* [Problem to solve] Which lines in the records below contain the word "GMO일까"? Copy each one.

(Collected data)
# # # # #

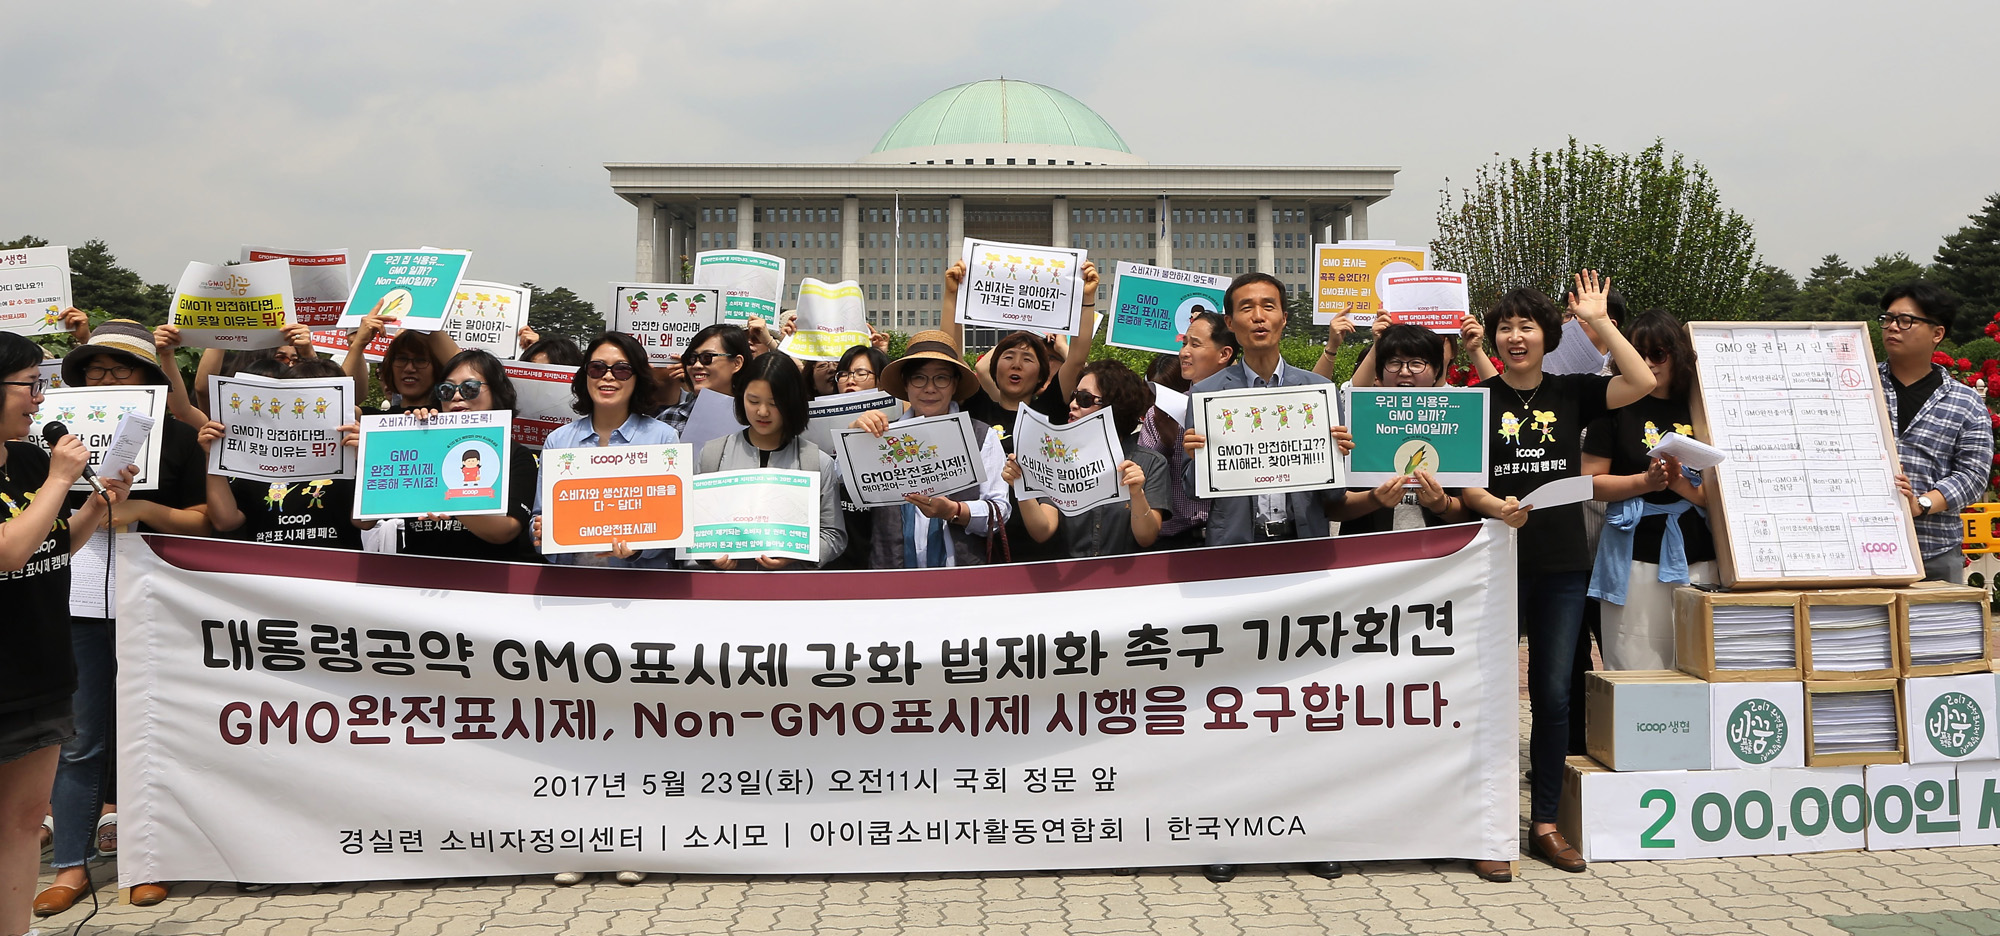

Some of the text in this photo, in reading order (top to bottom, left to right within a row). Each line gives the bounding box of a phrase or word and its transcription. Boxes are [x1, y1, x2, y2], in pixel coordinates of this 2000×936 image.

[4, 253, 27, 266] 생협
[384, 255, 401, 265] 우리
[402, 255, 412, 265] 집
[1322, 258, 1367, 268] GMO 표시는
[388, 266, 433, 276] GMO 일까?
[1130, 264, 1218, 286] 소비자가 불안하지 않도록!
[1320, 272, 1370, 282] 꼭꼭 숨었다?!
[15, 282, 44, 291] 없나요?!
[375, 276, 438, 287] Non-GMO일까?
[973, 279, 1067, 300] 소비자는 알아야지~
[1321, 287, 1359, 297] GMO표시는
[180, 299, 283, 312] GMO가 안전하다면...
[980, 293, 1056, 312] 가격도! GMO도!
[1136, 293, 1159, 306] GMO
[1319, 301, 1345, 310] 소비자의
[1356, 301, 1371, 310] 권리
[1002, 312, 1033, 322] icoop 생협
[1121, 303, 1171, 321] 완전 표시제.
[174, 311, 286, 327] 표시 못할 이유는 뭐?
[466, 319, 513, 332] 알아야지~
[632, 320, 660, 331] 안전한
[1117, 314, 1172, 331] 존중해 주시죠!
[466, 332, 501, 343] GMO도!
[660, 333, 673, 347] 왜
[1715, 342, 1743, 353] GMO
[1375, 395, 1397, 408] 우리
[1401, 396, 1412, 408] 집
[378, 416, 417, 428] 소비자가
[461, 413, 493, 424] 않도록!
[540, 414, 558, 423] icoop
[1389, 410, 1446, 422] GMO 일까?
[231, 424, 335, 442] GMO가 안전하다면...
[1376, 423, 1459, 435] Non-GMO일까?
[227, 438, 337, 458] 표시 못할 이유는 뭐?
[1217, 438, 1326, 457] GMO가 안전하다고??
[1516, 447, 1546, 459] icoop
[390, 449, 419, 462] GMO
[590, 451, 648, 466] icoop 생협
[1217, 452, 1325, 471] 표시해라. 찾아먹게!!!
[259, 464, 279, 473] icoop
[371, 463, 436, 477] 완전 표시제.
[860, 455, 967, 485] GMO완전표시제!
[1021, 454, 1106, 482] 소비자는 알아야지!
[366, 477, 439, 491] 존중해 주시죠!
[908, 479, 918, 488] 안
[1058, 476, 1100, 494] GMO도!
[1254, 474, 1290, 484] icoop 생협
[558, 483, 678, 502] 소비자와 생산자의 마음을
[594, 498, 642, 512] 다 담다!
[278, 514, 312, 526] icoop
[579, 522, 657, 538] GMO완전표시제!
[1862, 542, 1898, 554] icoop
[201, 600, 1456, 689] 대통령공약 GMO표시제 강화 법제화 촉구 기자회견
[218, 681, 1462, 746] GMO완전표시제, Non-GMO표시제 시행을 요구합니다.
[1636, 720, 1691, 734] icoop 생협
[533, 766, 1118, 799] 2017년 5월 23일(화) 오전11시 국회 정문 앞
[338, 813, 1307, 856] 경실련 소비자정의센터 소시모 아이쿱소비자활동연합회 한국YMCA

# # # # #

* [Answer for the task]
[375, 276, 438, 287] Non-GMO일까?
[1376, 423, 1459, 435] Non-GMO일까?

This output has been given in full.